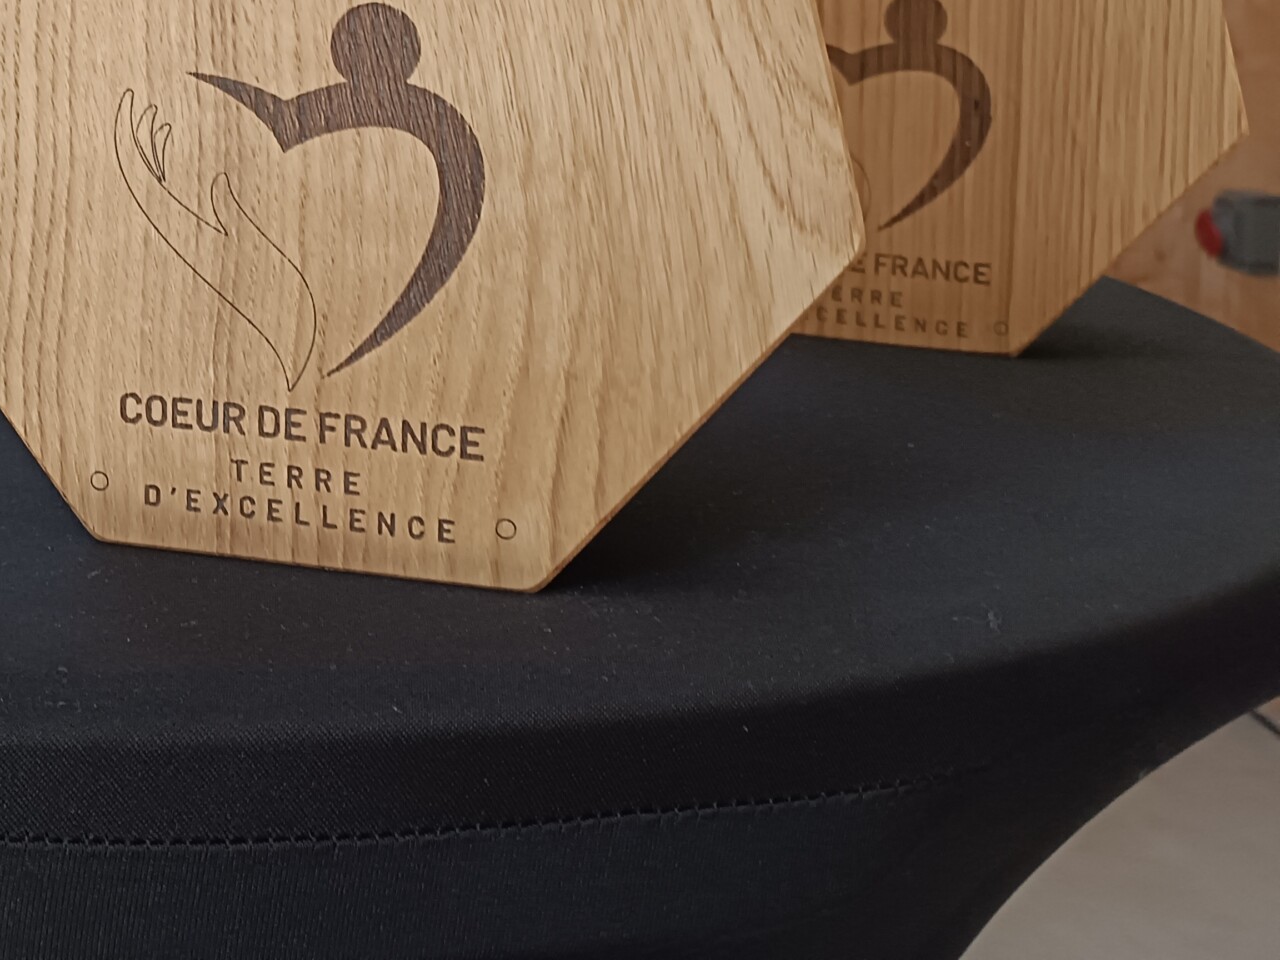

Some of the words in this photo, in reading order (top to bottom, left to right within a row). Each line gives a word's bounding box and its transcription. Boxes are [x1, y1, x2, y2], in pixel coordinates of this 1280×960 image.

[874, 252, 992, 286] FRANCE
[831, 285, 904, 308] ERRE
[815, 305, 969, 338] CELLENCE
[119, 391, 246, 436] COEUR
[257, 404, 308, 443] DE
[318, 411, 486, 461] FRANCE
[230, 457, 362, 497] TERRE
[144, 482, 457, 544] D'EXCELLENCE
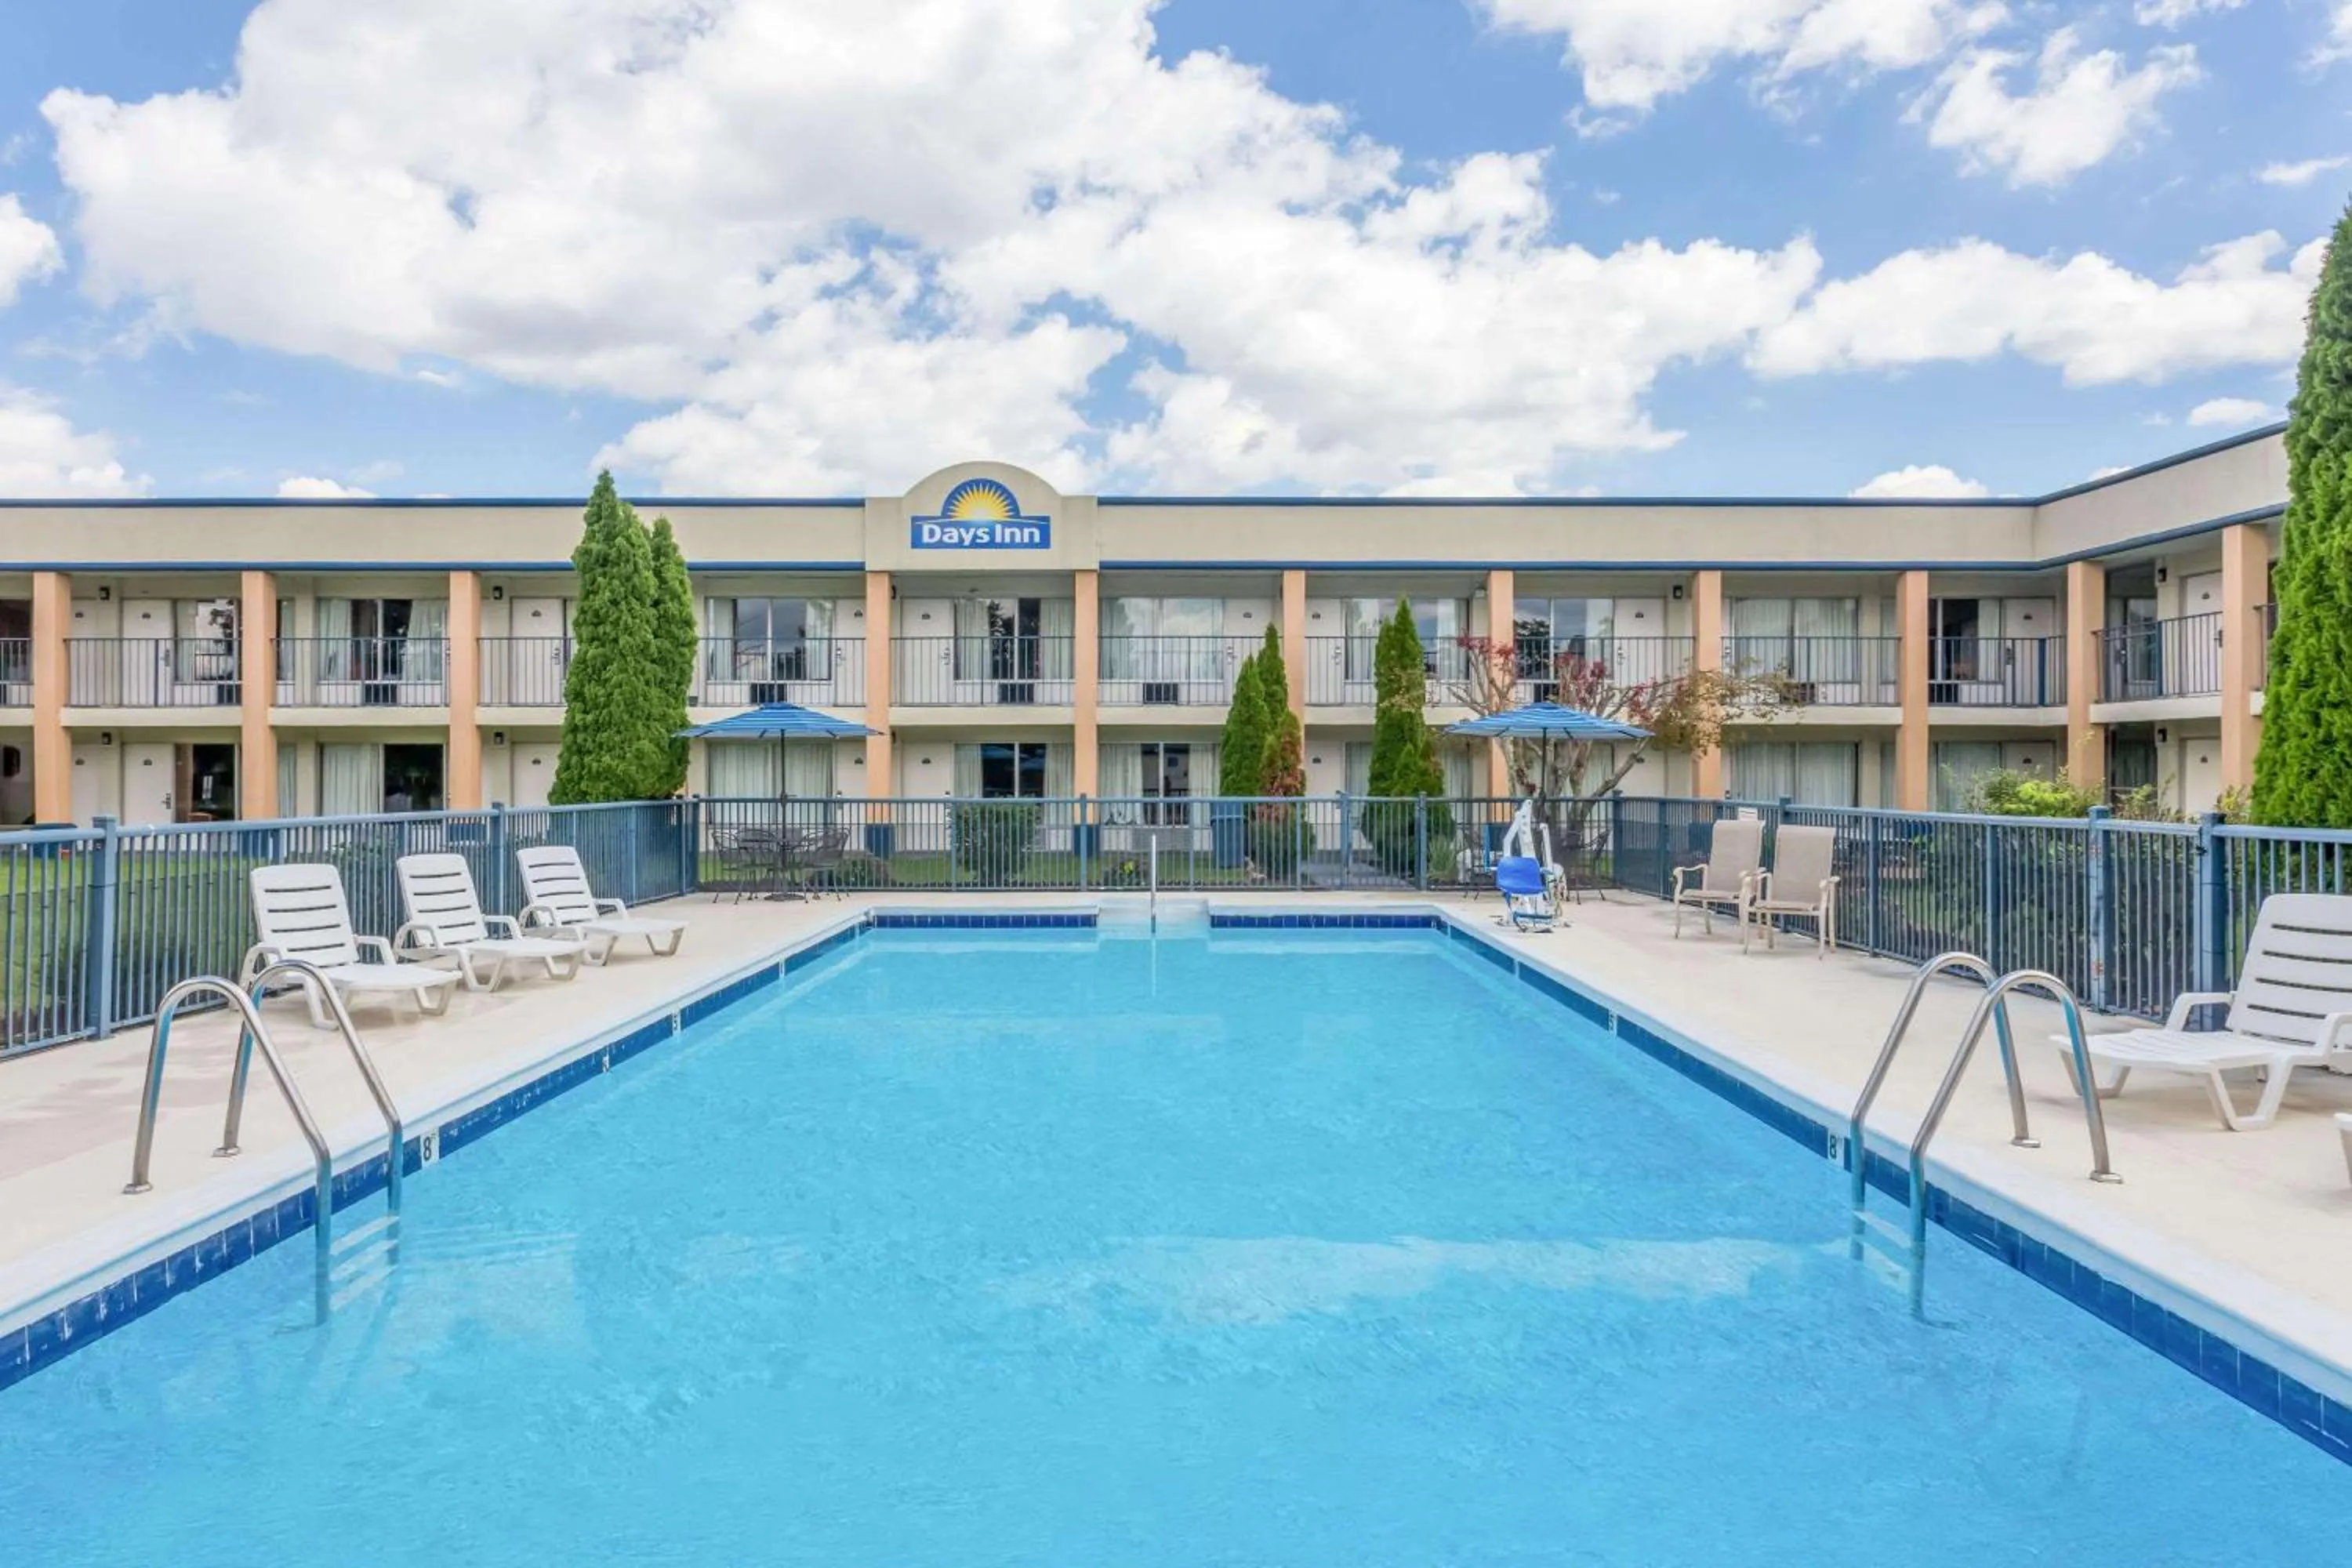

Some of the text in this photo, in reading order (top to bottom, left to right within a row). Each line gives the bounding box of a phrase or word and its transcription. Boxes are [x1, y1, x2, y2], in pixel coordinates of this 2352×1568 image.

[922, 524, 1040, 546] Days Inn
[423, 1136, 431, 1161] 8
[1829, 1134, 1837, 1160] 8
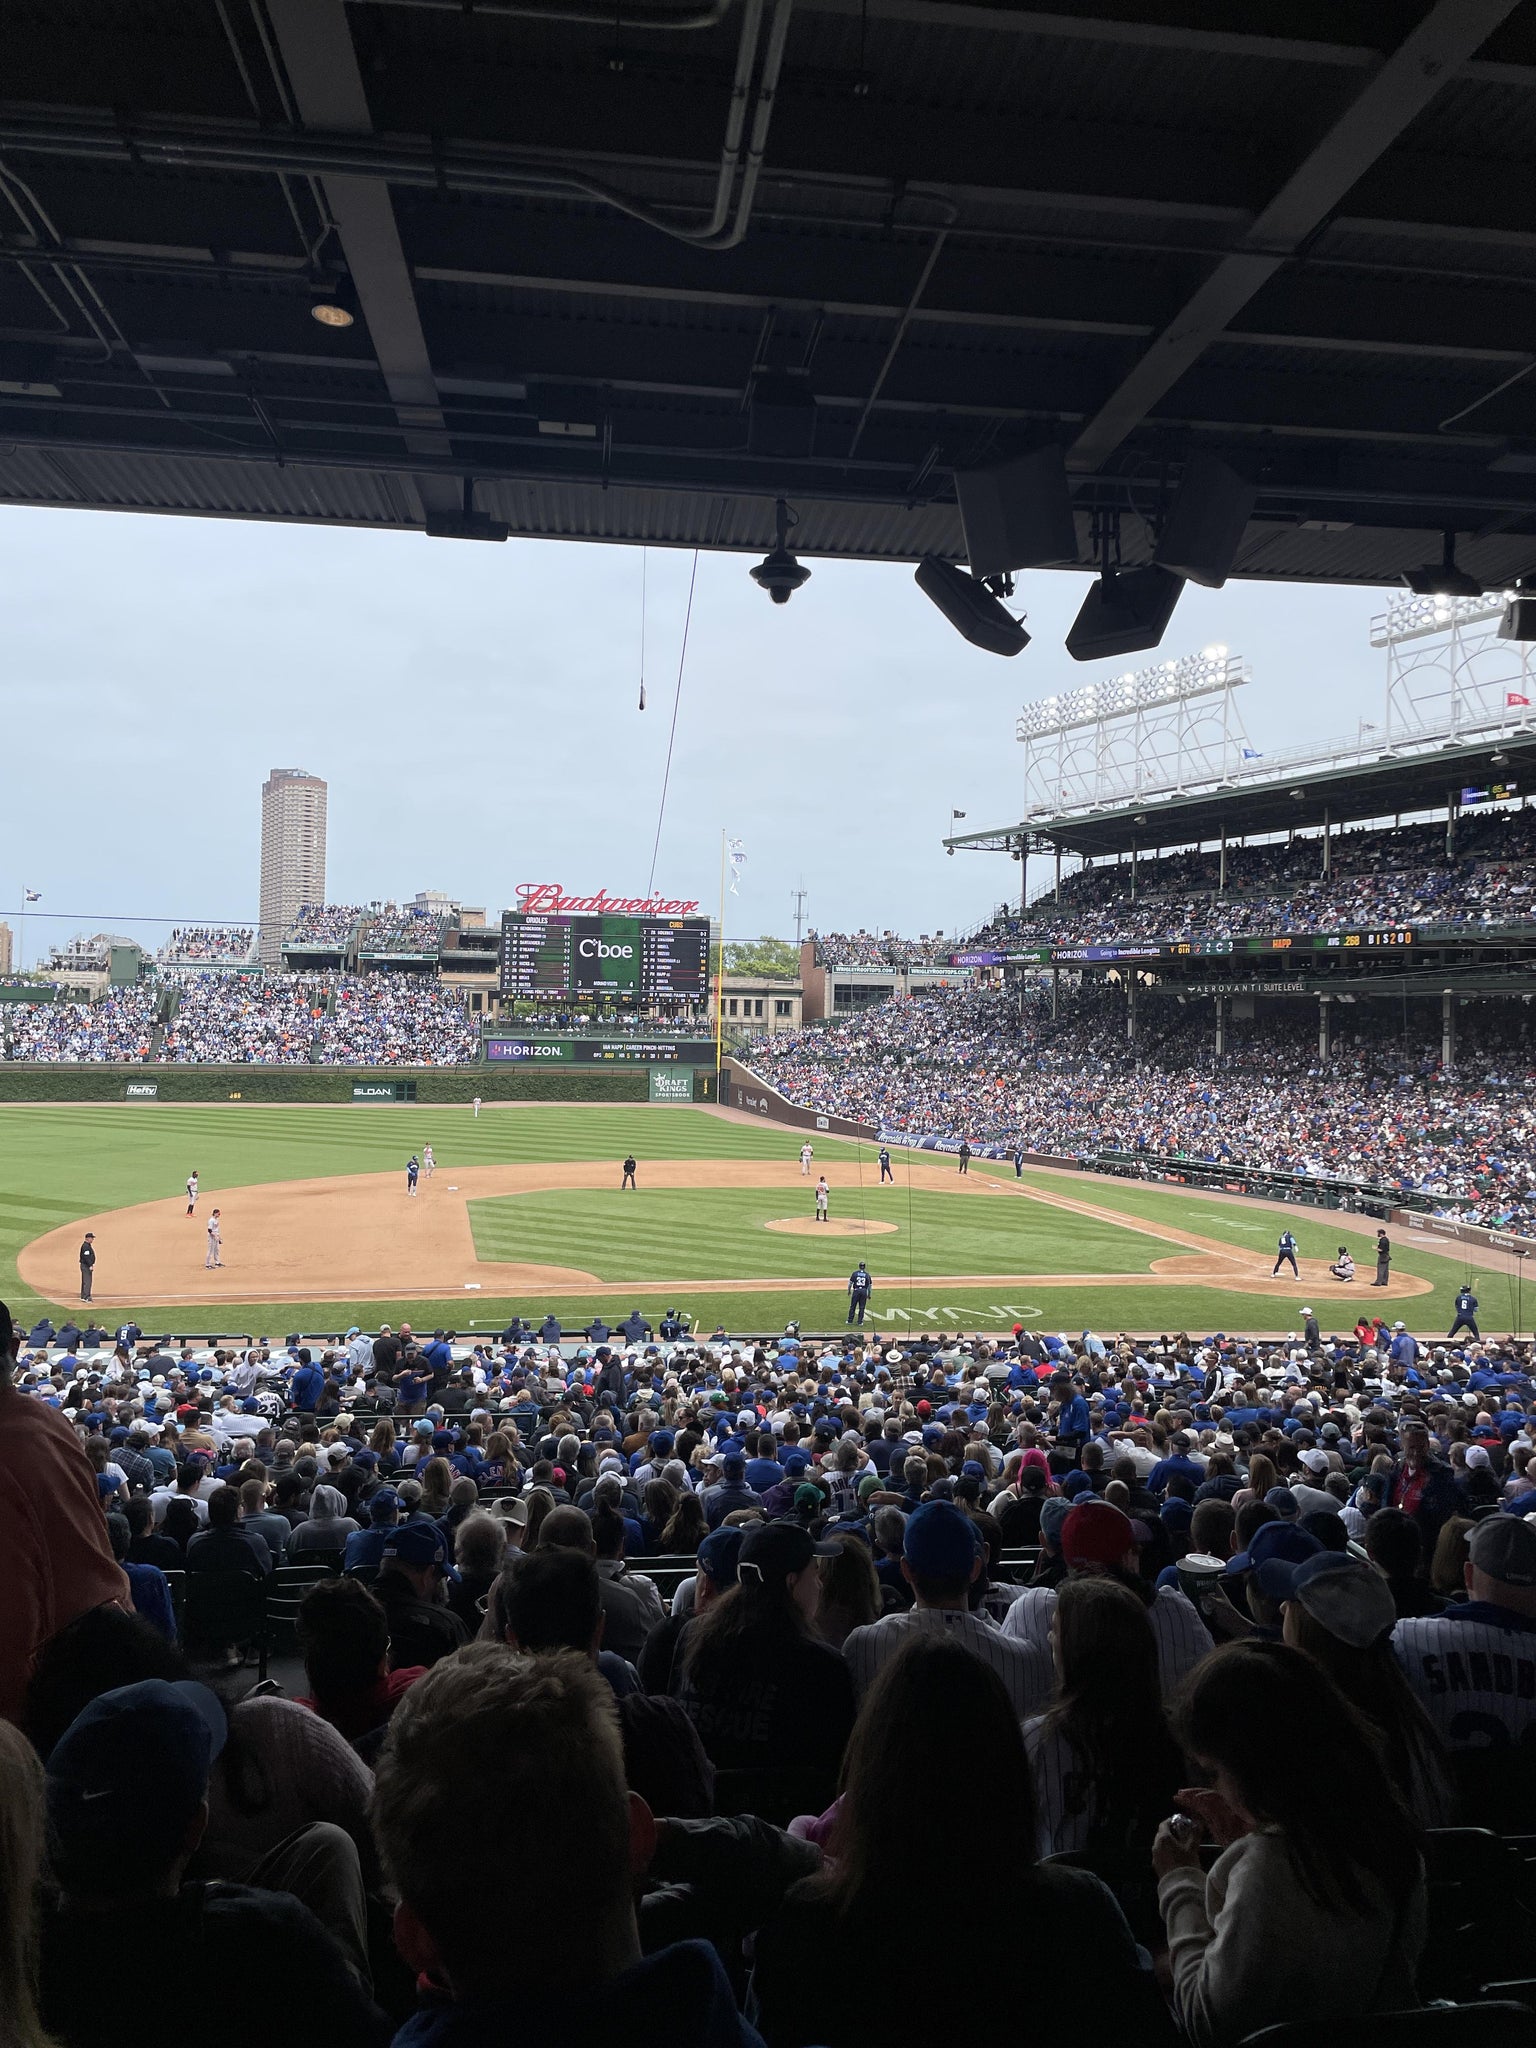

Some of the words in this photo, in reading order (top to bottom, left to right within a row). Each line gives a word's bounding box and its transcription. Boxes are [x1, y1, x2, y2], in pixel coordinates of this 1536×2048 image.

▸ Your assignment: Your task is to transcribe all of the records precisely, with no images included.

▸ Result:
Some of the words in this photo, in reading order (top to bottom, left to right within a row). Each line gives a word's bounding box and its transcription. Boxes are [x1, y1, x2, y2], in pixel coordinates of this 1280×960 image.

[874, 252, 992, 286] FRANCE
[831, 285, 904, 308] ERRE
[815, 305, 969, 338] CELLENCE
[119, 391, 246, 436] COEUR
[257, 404, 308, 443] DE
[318, 411, 486, 461] FRANCE
[230, 457, 362, 497] TERRE
[144, 482, 457, 544] D'EXCELLENCE

Some of the text in this photo, in reading order (top to bottom, left to right within a row). Each line gives the bounding box of a phrase or word and its transcription. Boxes are [x1, y1, x2, y2], in pixel coordinates of this 2352×1568 image.

[922, 524, 1040, 546] Days Inn
[423, 1136, 431, 1161] 8
[1829, 1134, 1837, 1160] 8

Some of the words in this photo, in reading order (top to bottom, left to right within a row). Each line gives a word's bounding box and its transcription. Boxes are [x1, y1, x2, y2], in pixel coordinates of this 1536×2048 image.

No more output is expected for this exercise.